Convolvulus, dit belle de jour
Quand je parcourais les campagnes en amateur fervent et, si j’ose dire,
irresponsable, quand je regardais la nature sans en avoir charge et souci,
j’aimais beaucoup le petit liseron des champs. Je l’aimais pour sa fleurette,
je l’aimais pour son nom français qui est gracieux, je l’aimais pour son nom
latin qui pourtant aurait dû m’avertir car il sent la passion, la torsion, la
crise de nerfs.
Depuis que je le vois à l’œuvre, de
près, chaque jour de l’année, je déteste le liseron et, qui pis est, je le méprise.
C’est un personnage terrible, sans scrupule et sans pitié. Je ne lui fais pas
grief d’être d’apparence chétive. Il rampe, mon Dieu ! C’est son droit. Il
grimpe et c’est là son courage. Ce que lui reproche, c’est d’étouffer ceux dont
il se sert. Il a d’abord l’air modeste. Il demande la charité, l’assistance.

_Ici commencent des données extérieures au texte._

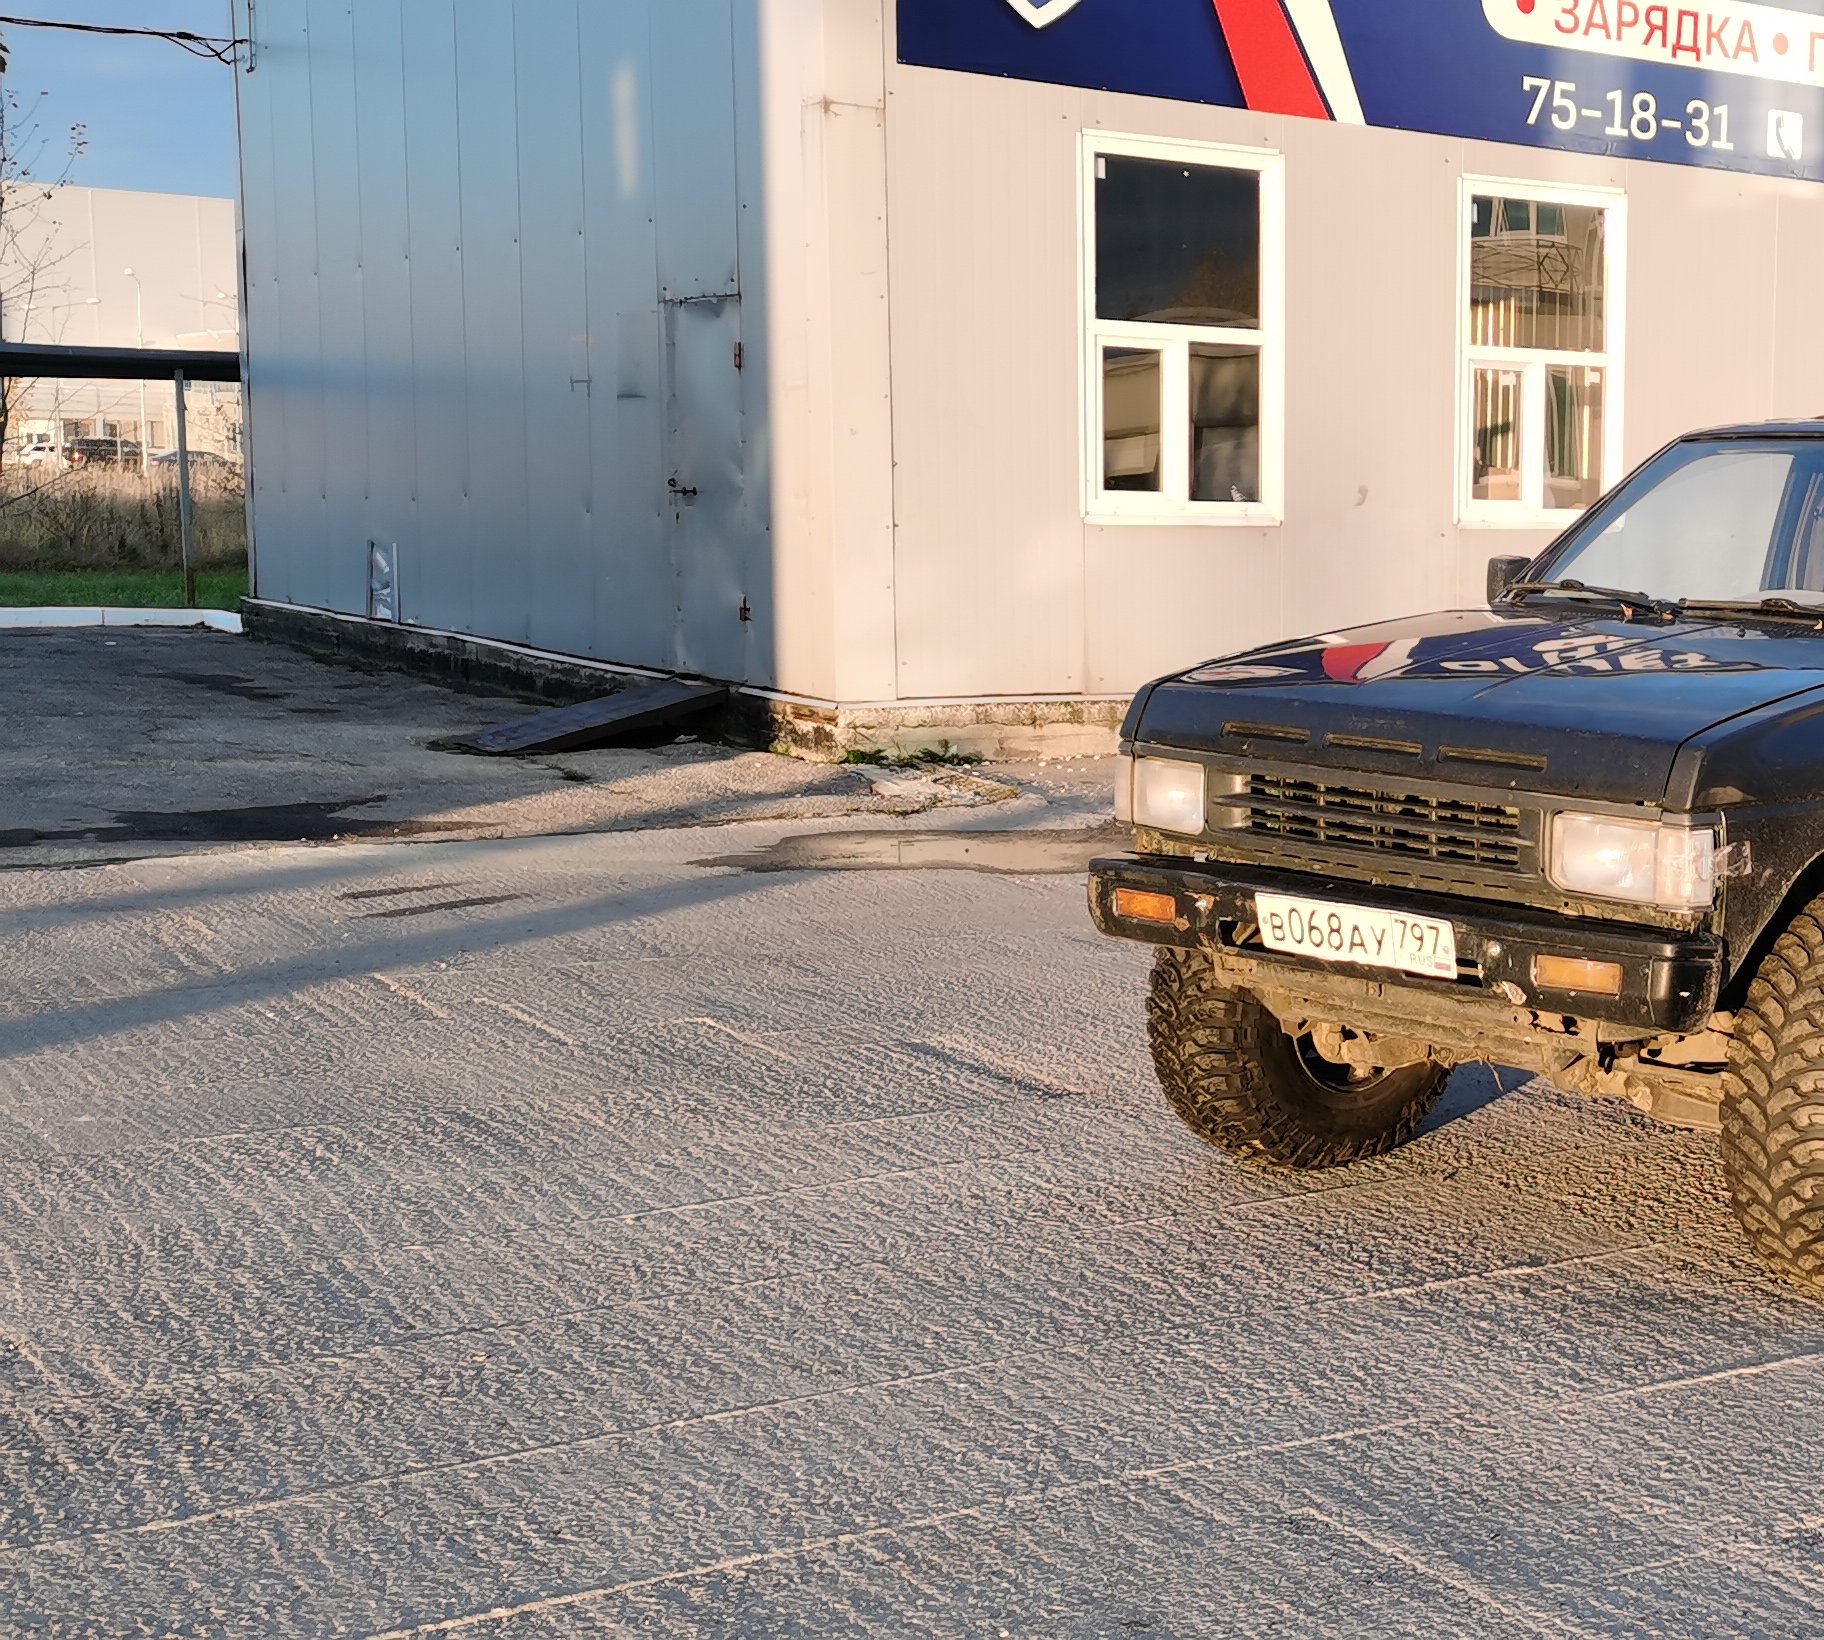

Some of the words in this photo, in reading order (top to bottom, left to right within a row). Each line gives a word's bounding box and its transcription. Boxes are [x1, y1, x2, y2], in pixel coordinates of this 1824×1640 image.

[1554, 0, 1760, 62] ЗАРЯДКА
[1521, 74, 1735, 151] 75-18-31
[1393, 918, 1440, 956] 797
[1409, 953, 1434, 968] RUS
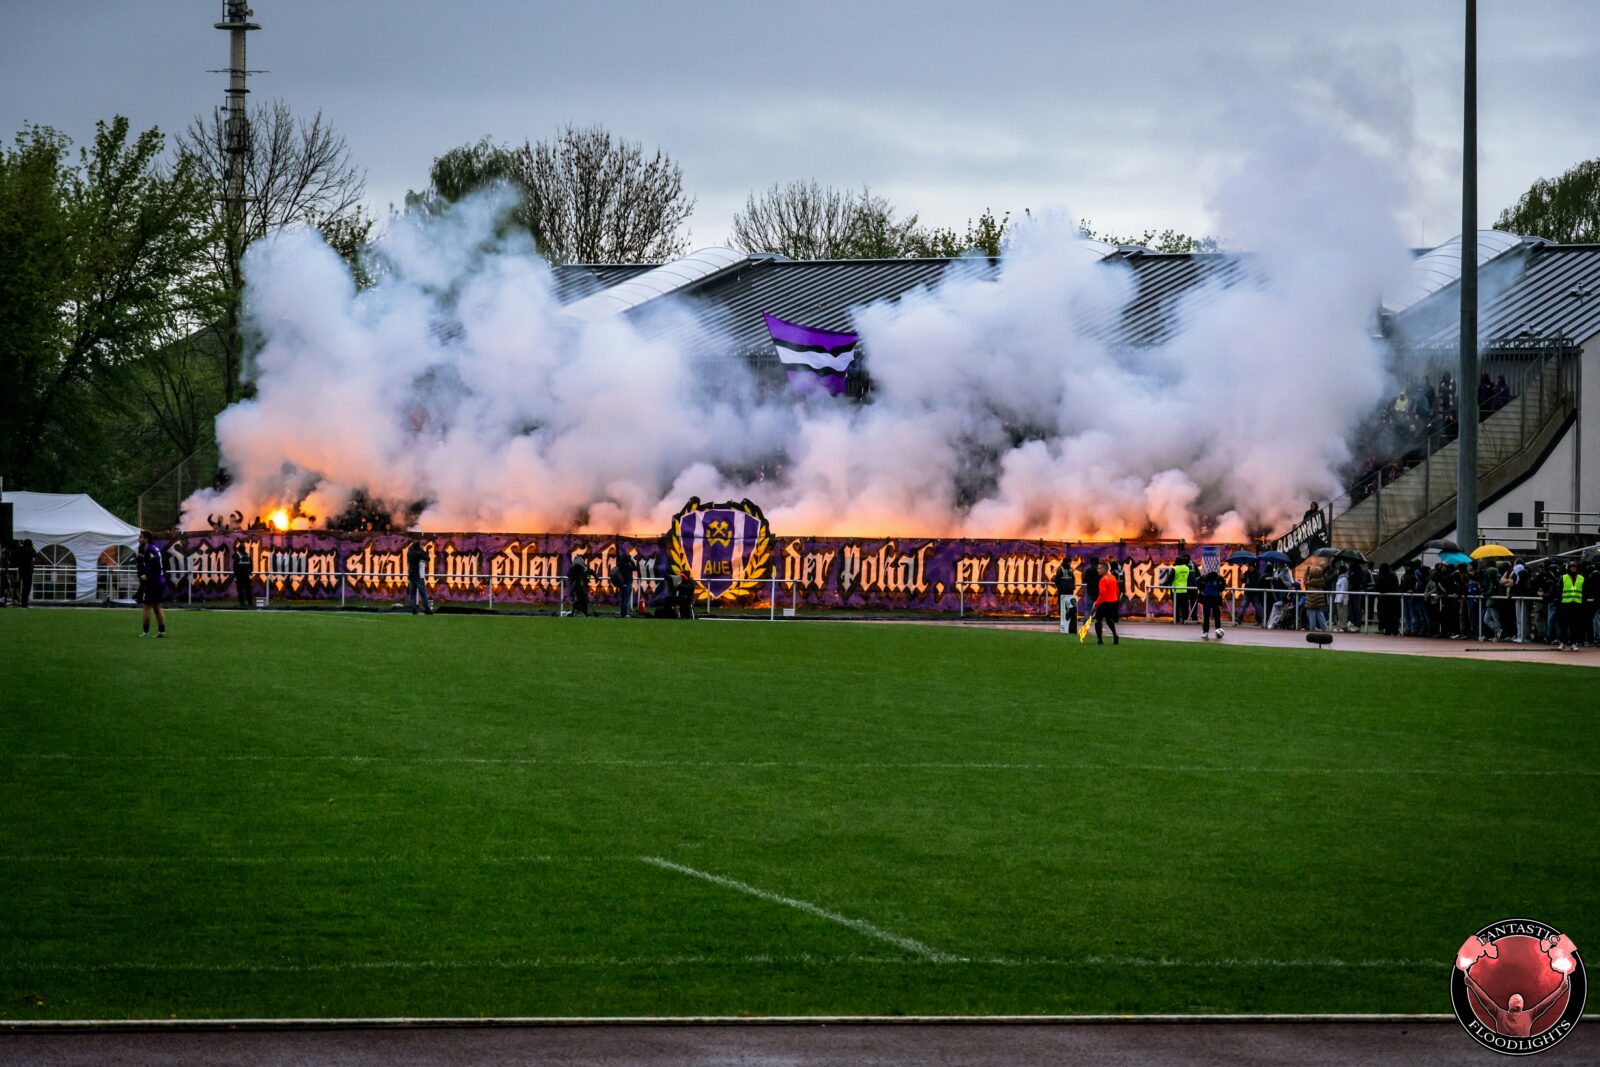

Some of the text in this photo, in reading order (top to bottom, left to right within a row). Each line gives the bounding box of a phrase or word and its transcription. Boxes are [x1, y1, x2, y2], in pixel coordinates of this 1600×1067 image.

[446, 544, 483, 590] im
[491, 541, 561, 590] edlen
[703, 560, 731, 575] AUE
[784, 538, 835, 590] der
[956, 556, 990, 595] er
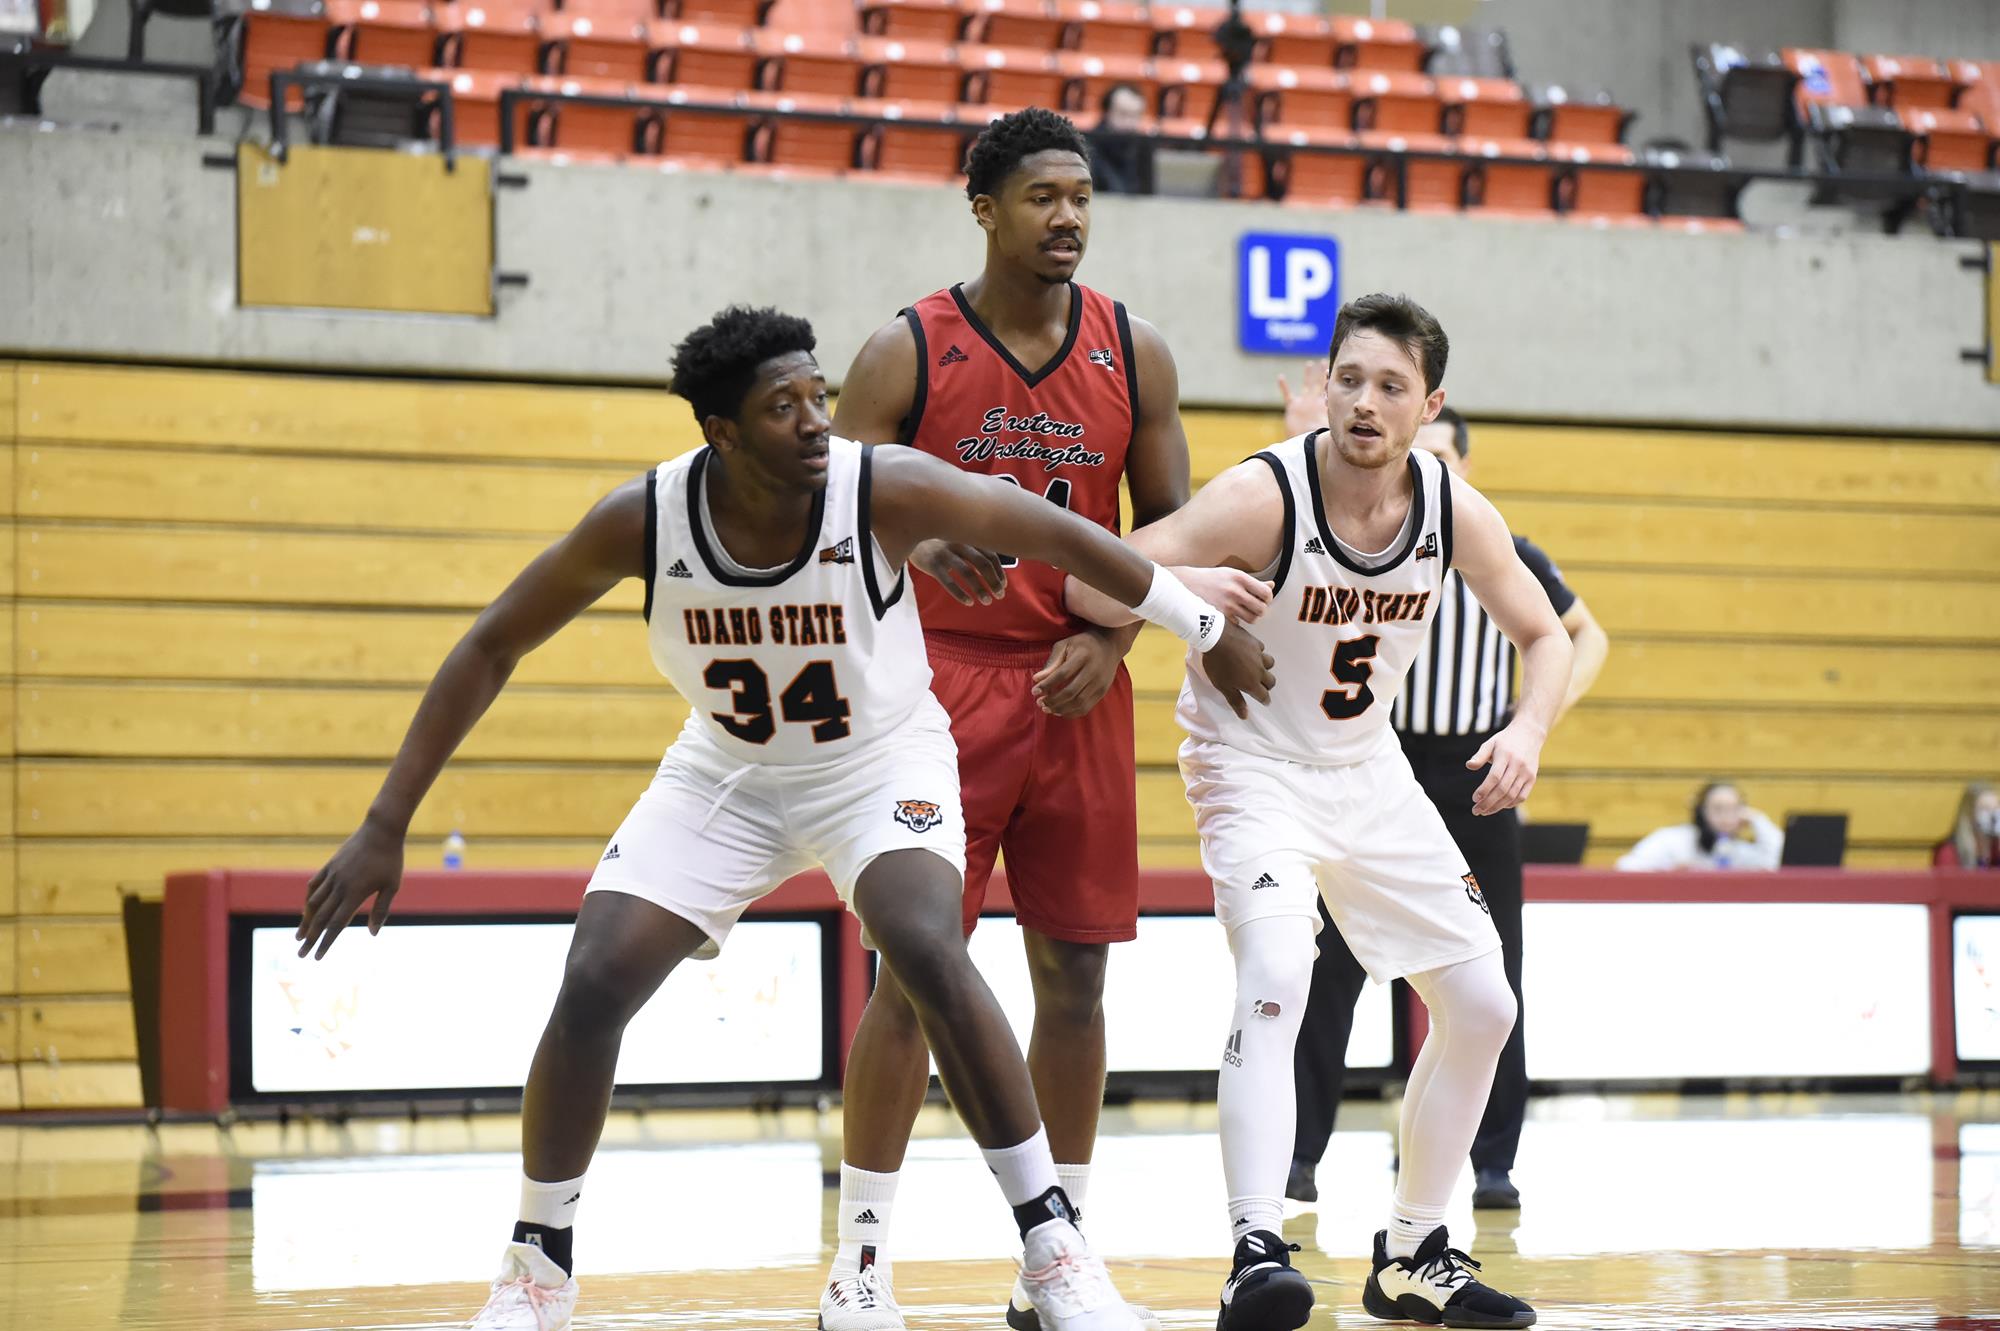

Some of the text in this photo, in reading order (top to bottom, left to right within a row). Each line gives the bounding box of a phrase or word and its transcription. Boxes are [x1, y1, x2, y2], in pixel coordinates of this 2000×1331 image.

[1248, 245, 1333, 320] LP
[980, 406, 1083, 438] Eastern
[956, 437, 1105, 471] Washington
[683, 603, 848, 646] IDAHO STATE
[1363, 589, 1431, 625] STATE
[1319, 633, 1381, 721] 5
[702, 658, 852, 745] 34
[1251, 880, 1280, 891] adidas
[854, 1216, 880, 1225] adidas
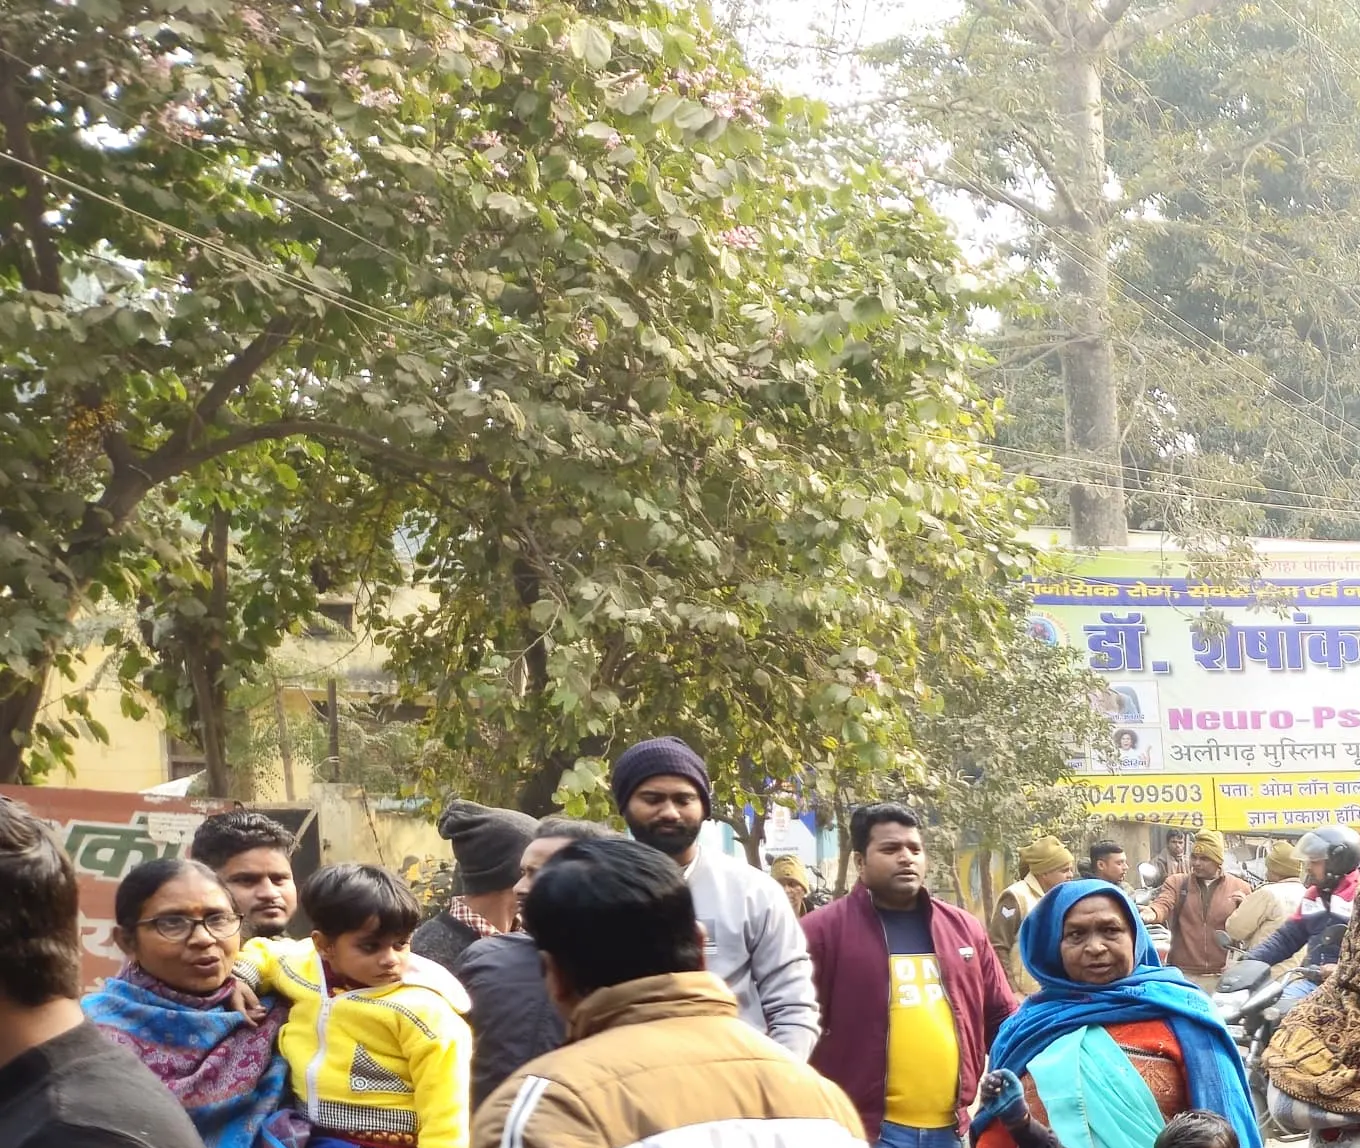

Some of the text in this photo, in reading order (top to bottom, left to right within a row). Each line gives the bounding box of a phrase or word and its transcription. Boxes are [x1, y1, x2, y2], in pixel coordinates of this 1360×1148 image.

[1170, 736, 1256, 767] अलीगढ़
[1259, 736, 1337, 768] मुस्लिम
[1260, 777, 1293, 798] ओम
[1297, 778, 1330, 796] लॉन
[1283, 809, 1331, 826] प्रकाश

« Un tout petit coup de main mon bon monsieur, s’il vous
plaît ! » On le laisse faire, on l’admet à table. Alors il
s’enhardit, il se ramifie, il s’élance, il s’étale, il occupe toute la place.
Il sait tourner, il sait feindre, il a toutes les patiences. Quelques jours
encore, et il n’y aura plus d’espace, plus d’air, plus de soleil, plus
d’espérance que pour lui. Cependant, son bienfaiteur suffoque, râle, agonise.
Et ce travail aérien n’est pas le
plus redoutable. L’ambitieux, sous terre, propage d’insidieuses racines dont le
moindre fil suffit pour emprisonner tout un jardin, tout un pays.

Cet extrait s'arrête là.